- Directed by: Albert Zugsmith
- Written by: Albert Zugsmith
- Produced by: Robert Caramico
- Edited by: Herman Freedman
- Production company: Famous Players Corp.
- Release date: 1966;
- Country: United States
- Language: English

= Psychedelic Sexualis =

Psychedelic Sexualis (also known as On Her Bed of Roses), is a 1966 American film directed and written by Albert Zugsmith.

==Plot==
Stephen Long has a sexual fetish for roses, and murderous desires.

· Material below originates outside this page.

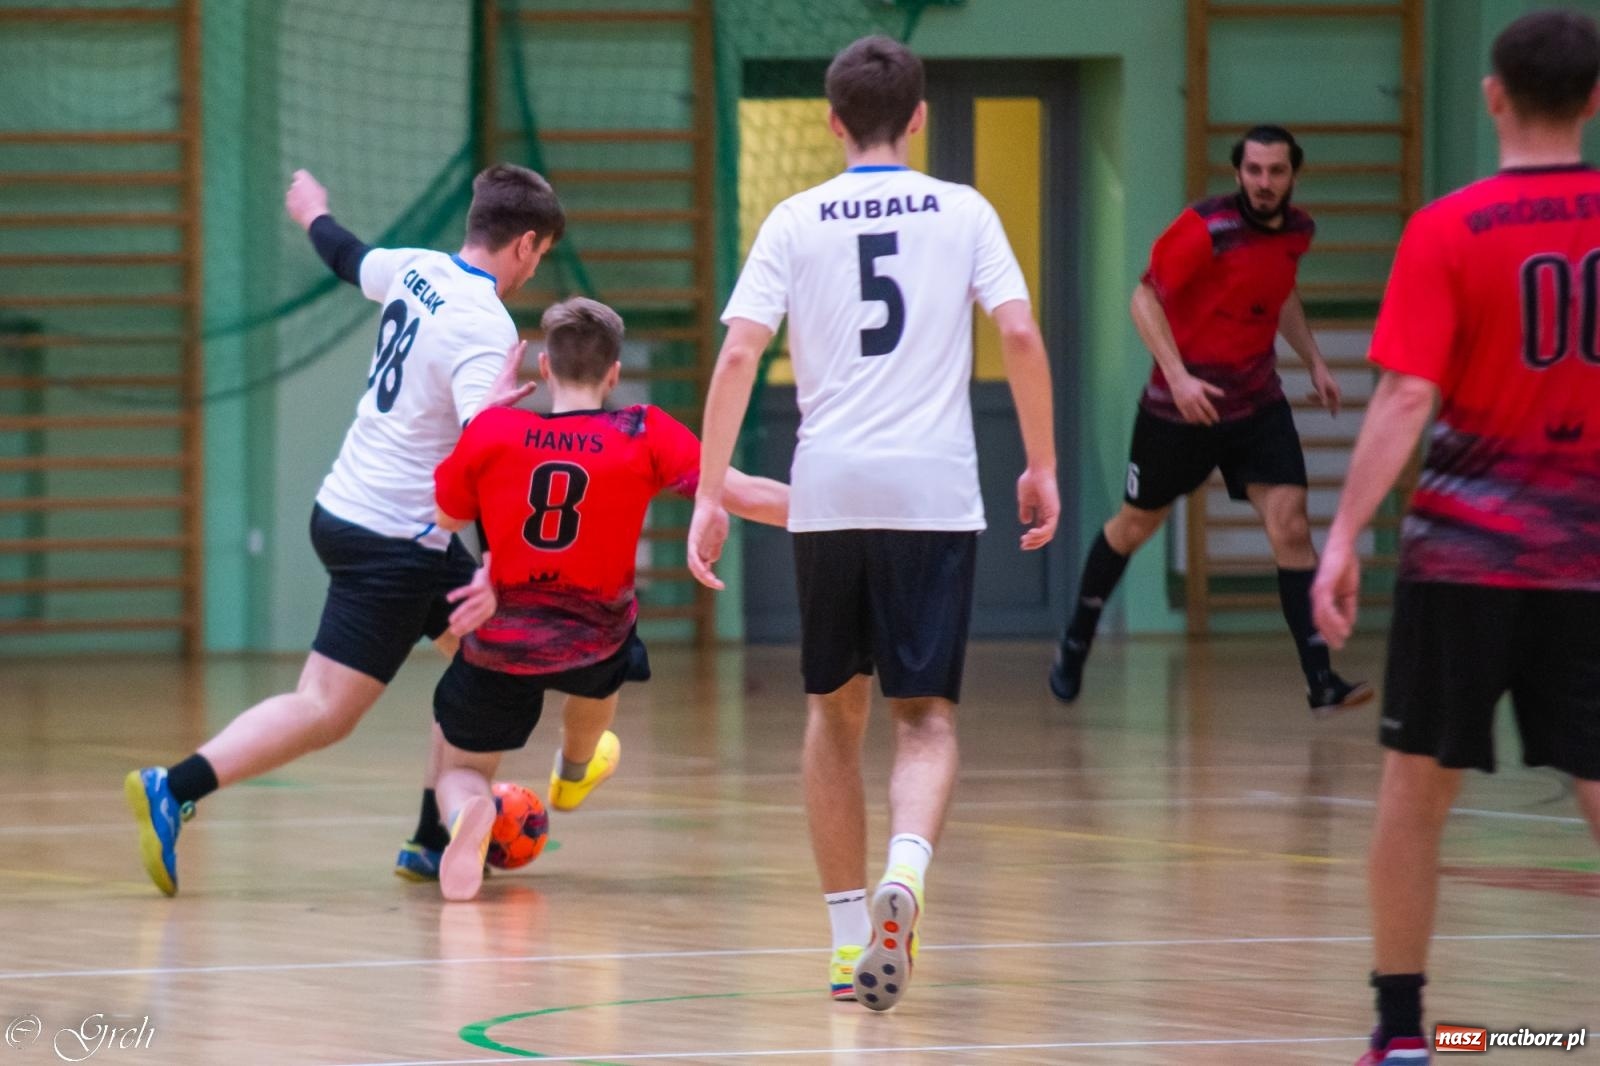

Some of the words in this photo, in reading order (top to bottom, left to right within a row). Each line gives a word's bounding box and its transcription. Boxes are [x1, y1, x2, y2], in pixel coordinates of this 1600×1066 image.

His next-door neighbour and girlfriend is Melissa Borden, a nymphomaniac who turns to a psychologist for help.

==Cast==

- Ronald Warren as Stephen Long
- Sandra Lynn as Melissa Borden
- Barbara Hines as Joanna Borden
- Lee Gladden as Dr. Krafft-Ebing
- Ric Marlow as Arthur Borden
- Regina Gleason as Rachel Long
- Lovey Song as Sally Marsh
- Richard Clair as detective
- Ned York as Jimmy Blake
- Pat Barrington as belly dancer (as Pat Barringer)

==Reception==
Boxoffice wrote: "There are no cast names to exploit in this sex-oriented drama, but exploitation value for a definite patronage it certainly has. ... While purporting to be serious psychological drama based on Dr. Krafft-Ebing's Psychopathia Sexualis, for exhibiting purposes this could only run in specialized spots where children are restricted, and should be advertised for exactly what it is – a film with some violence and much sex."